Clamor and criticism continues to reach policymakers and Wall Street as Congress haggles over a possible $700 billion bailout.
Now chatter surrounding the bailout has reached beyond traditional media and landed on Main Street. New media-type forums, like the blogosphere, are housing strong reactions from people attempting to understand the bailout and its potential impact on taxpayer’s wallets. Everyone has a reaction.
Our own poll indicates that almost half, 45%, of concerned MainStreet readers do not think Congress should approve the current bailout, while 35% approve of it and some 20% need more information.
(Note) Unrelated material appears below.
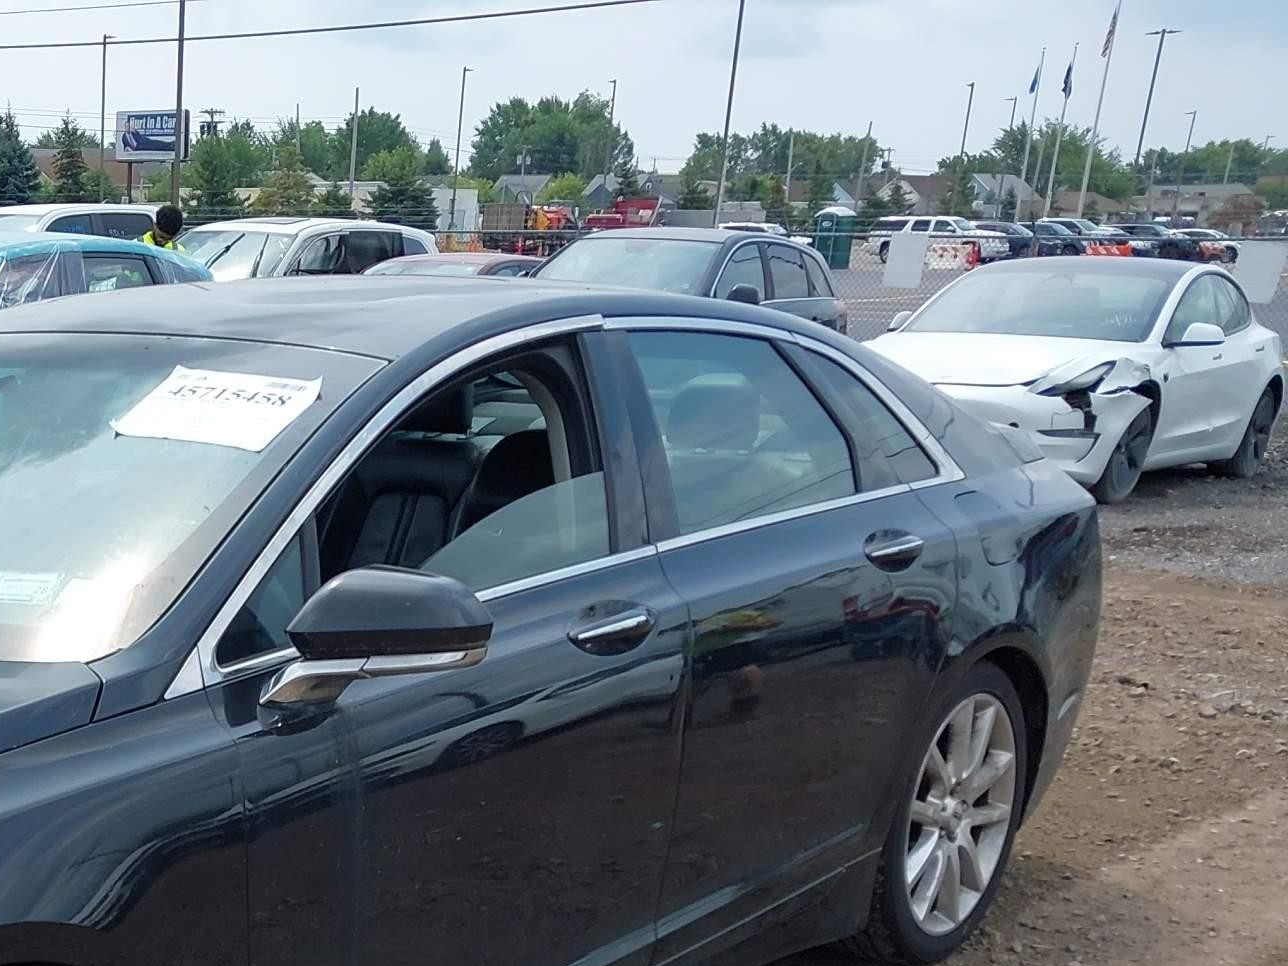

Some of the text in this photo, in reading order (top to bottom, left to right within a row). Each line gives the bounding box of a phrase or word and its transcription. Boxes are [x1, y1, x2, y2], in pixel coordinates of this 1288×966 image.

"I think congress should help out every home owner in foreclosure instead of all the fat cats in Washington," writes one reader. "Let the money trickle up instead of down." Another dissenter, has her own message for the U.S. Government, "the greedy idiots and Wall Street":
"No way, Nada, Get Lost, Forget it. Find a way to live on less like those of us who are the ones who keep this country going, and with a shrinking paycheck."
Of course, both sides are heard on MainStreet. "I fear most of us 'Main Streeters' don't comprehend the impact on each of us if this plan is not approved," writes one supporter of the plan. "I say Pass It Now! ROME IS BURNING while the idiot politicians fiddle and posture for reelection."
Meanwhile, in a weekly Triangle Business Journal (http://www.bizjournals.com/triangle/stories/2008/09/29/daily34.html)poll, only 5% of the 716 polled believed folks on Main Street would receive any benefits from the bailout. A reader commented:
This is absolutely a bailout of derivative paper that is worthless. The $700 billion would be better spent buying homes in foreclosures at 60% of value than writing new mortgages with the foreclosed owners and selling those. It would reduce their costs and provide a real product to sell instead of getting saddled with paper that only ever had value in the heads of some greedy people.Given 4% of homes in foreclosure, the $700 billion would probably buy all of them (that's well over an average of $75K/home when many outside of California are only $20K) and begin the much needed reset in home values.